----- Source data -----

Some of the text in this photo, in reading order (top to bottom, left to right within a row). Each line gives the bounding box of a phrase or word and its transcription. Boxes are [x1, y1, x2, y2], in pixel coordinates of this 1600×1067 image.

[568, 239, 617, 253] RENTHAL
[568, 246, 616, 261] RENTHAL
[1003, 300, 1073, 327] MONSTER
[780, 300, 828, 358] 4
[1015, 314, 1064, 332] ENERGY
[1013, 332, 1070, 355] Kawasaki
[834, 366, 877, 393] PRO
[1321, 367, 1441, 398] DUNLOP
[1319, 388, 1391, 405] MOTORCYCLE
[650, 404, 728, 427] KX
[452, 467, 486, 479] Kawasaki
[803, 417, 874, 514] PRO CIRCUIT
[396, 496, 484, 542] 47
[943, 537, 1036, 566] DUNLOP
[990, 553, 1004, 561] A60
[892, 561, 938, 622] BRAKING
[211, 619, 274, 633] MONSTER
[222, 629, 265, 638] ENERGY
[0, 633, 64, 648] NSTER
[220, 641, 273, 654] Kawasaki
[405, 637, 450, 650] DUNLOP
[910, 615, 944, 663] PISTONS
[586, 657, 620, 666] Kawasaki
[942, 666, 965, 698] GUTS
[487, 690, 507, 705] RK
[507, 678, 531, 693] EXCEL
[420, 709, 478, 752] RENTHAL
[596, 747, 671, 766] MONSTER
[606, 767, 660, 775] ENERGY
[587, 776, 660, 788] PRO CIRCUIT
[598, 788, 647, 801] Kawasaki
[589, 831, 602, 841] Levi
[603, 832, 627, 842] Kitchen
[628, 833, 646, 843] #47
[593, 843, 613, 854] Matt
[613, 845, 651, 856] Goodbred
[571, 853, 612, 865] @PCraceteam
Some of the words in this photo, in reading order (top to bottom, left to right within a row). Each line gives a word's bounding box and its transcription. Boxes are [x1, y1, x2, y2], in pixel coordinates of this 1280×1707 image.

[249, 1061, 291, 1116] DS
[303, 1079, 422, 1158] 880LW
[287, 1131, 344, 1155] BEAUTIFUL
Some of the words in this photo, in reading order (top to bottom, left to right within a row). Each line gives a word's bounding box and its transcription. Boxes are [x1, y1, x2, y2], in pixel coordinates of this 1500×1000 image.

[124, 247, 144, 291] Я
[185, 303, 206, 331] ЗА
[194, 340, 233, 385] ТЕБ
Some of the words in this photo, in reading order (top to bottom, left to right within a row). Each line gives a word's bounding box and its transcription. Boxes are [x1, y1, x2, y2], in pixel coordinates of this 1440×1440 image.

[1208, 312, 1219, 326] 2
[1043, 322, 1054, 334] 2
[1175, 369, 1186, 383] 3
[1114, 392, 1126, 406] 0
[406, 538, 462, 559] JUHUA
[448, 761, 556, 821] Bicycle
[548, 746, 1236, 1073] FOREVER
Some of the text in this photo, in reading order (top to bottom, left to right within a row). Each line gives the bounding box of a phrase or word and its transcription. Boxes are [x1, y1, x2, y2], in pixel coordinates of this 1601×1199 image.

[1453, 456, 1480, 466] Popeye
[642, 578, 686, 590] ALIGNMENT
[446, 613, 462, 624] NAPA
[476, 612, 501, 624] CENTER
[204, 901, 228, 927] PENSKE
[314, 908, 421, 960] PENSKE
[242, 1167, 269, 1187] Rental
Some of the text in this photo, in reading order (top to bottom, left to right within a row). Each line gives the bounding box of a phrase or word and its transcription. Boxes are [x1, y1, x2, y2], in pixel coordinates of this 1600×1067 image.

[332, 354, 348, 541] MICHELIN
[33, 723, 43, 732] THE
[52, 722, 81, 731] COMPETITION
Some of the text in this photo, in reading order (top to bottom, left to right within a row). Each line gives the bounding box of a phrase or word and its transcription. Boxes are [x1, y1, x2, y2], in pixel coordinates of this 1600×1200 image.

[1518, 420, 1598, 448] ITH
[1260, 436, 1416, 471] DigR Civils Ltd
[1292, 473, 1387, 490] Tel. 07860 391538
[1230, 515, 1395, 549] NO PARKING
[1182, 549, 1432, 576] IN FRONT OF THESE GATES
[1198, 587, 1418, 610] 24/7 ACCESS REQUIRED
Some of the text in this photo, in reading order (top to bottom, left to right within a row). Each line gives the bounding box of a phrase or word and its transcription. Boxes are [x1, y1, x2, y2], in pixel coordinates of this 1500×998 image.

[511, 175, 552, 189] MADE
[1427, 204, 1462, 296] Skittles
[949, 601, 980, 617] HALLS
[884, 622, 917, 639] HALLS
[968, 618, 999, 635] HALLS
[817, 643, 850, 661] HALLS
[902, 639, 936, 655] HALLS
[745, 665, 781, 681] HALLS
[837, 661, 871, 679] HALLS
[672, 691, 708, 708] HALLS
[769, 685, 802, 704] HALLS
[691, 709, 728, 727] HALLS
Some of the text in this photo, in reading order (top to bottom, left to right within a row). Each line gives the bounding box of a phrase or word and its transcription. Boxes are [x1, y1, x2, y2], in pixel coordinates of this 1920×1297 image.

-----

Exercise brief: Print out all of the data above word for word.

Reply to the task:
Some of the text in this photo, in reading order (top to bottom, left to right within a row). Each line gives the bounding box of a phrase or word and its transcription. Boxes are [x1, y1, x2, y2], in pixel coordinates of this 1600×1067 image.

[568, 239, 617, 253] RENTHAL
[568, 246, 616, 261] RENTHAL
[1003, 300, 1073, 327] MONSTER
[780, 300, 828, 358] 4
[1015, 314, 1064, 332] ENERGY
[1013, 332, 1070, 355] Kawasaki
[834, 366, 877, 393] PRO
[1321, 367, 1441, 398] DUNLOP
[1319, 388, 1391, 405] MOTORCYCLE
[650, 404, 728, 427] KX
[452, 467, 486, 479] Kawasaki
[803, 417, 874, 514] PRO CIRCUIT
[396, 496, 484, 542] 47
[943, 537, 1036, 566] DUNLOP
[990, 553, 1004, 561] A60
[892, 561, 938, 622] BRAKING
[211, 619, 274, 633] MONSTER
[222, 629, 265, 638] ENERGY
[0, 633, 64, 648] NSTER
[220, 641, 273, 654] Kawasaki
[405, 637, 450, 650] DUNLOP
[910, 615, 944, 663] PISTONS
[586, 657, 620, 666] Kawasaki
[942, 666, 965, 698] GUTS
[487, 690, 507, 705] RK
[507, 678, 531, 693] EXCEL
[420, 709, 478, 752] RENTHAL
[596, 747, 671, 766] MONSTER
[606, 767, 660, 775] ENERGY
[587, 776, 660, 788] PRO CIRCUIT
[598, 788, 647, 801] Kawasaki
[589, 831, 602, 841] Levi
[603, 832, 627, 842] Kitchen
[628, 833, 646, 843] #47
[593, 843, 613, 854] Matt
[613, 845, 651, 856] Goodbred
[571, 853, 612, 865] @PCraceteam
Some of the words in this photo, in reading order (top to bottom, left to right within a row). Each line gives a word's bounding box and its transcription. Boxes are [x1, y1, x2, y2], in pixel coordinates of this 1280×1707 image.

[249, 1061, 291, 1116] DS
[303, 1079, 422, 1158] 880LW
[287, 1131, 344, 1155] BEAUTIFUL
Some of the words in this photo, in reading order (top to bottom, left to right within a row). Each line gives a word's bounding box and its transcription. Boxes are [x1, y1, x2, y2], in pixel coordinates of this 1500×1000 image.

[124, 247, 144, 291] Я
[185, 303, 206, 331] ЗА
[194, 340, 233, 385] ТЕБ
Some of the words in this photo, in reading order (top to bottom, left to right within a row). Each line gives a word's bounding box and its transcription. Boxes are [x1, y1, x2, y2], in pixel coordinates of this 1440×1440 image.

[1208, 312, 1219, 326] 2
[1043, 322, 1054, 334] 2
[1175, 369, 1186, 383] 3
[1114, 392, 1126, 406] 0
[406, 538, 462, 559] JUHUA
[448, 761, 556, 821] Bicycle
[548, 746, 1236, 1073] FOREVER
Some of the text in this photo, in reading order (top to bottom, left to right within a row). Each line gives the bounding box of a phrase or word and its transcription. Boxes are [x1, y1, x2, y2], in pixel coordinates of this 1601×1199 image.

[1453, 456, 1480, 466] Popeye
[642, 578, 686, 590] ALIGNMENT
[446, 613, 462, 624] NAPA
[476, 612, 501, 624] CENTER
[204, 901, 228, 927] PENSKE
[314, 908, 421, 960] PENSKE
[242, 1167, 269, 1187] Rental
Some of the text in this photo, in reading order (top to bottom, left to right within a row). Each line gives the bounding box of a phrase or word and its transcription. Boxes are [x1, y1, x2, y2], in pixel coordinates of this 1600×1067 image.

[332, 354, 348, 541] MICHELIN
[33, 723, 43, 732] THE
[52, 722, 81, 731] COMPETITION
Some of the text in this photo, in reading order (top to bottom, left to right within a row). Each line gives the bounding box of a phrase or word and its transcription. Boxes are [x1, y1, x2, y2], in pixel coordinates of this 1600×1200 image.

[1518, 420, 1598, 448] ITH
[1260, 436, 1416, 471] DigR Civils Ltd
[1292, 473, 1387, 490] Tel. 07860 391538
[1230, 515, 1395, 549] NO PARKING
[1182, 549, 1432, 576] IN FRONT OF THESE GATES
[1198, 587, 1418, 610] 24/7 ACCESS REQUIRED
Some of the text in this photo, in reading order (top to bottom, left to right within a row). Each line gives the bounding box of a phrase or word and its transcription. Boxes are [x1, y1, x2, y2], in pixel coordinates of this 1500×998 image.

[511, 175, 552, 189] MADE
[1427, 204, 1462, 296] Skittles
[949, 601, 980, 617] HALLS
[884, 622, 917, 639] HALLS
[968, 618, 999, 635] HALLS
[817, 643, 850, 661] HALLS
[902, 639, 936, 655] HALLS
[745, 665, 781, 681] HALLS
[837, 661, 871, 679] HALLS
[672, 691, 708, 708] HALLS
[769, 685, 802, 704] HALLS
[691, 709, 728, 727] HALLS
Some of the text in this photo, in reading order (top to bottom, left to right within a row). Each line gives the bounding box of a phrase or word and its transcription. Boxes are [x1, y1, x2, y2], in pixel coordinates of this 1920×1297 image.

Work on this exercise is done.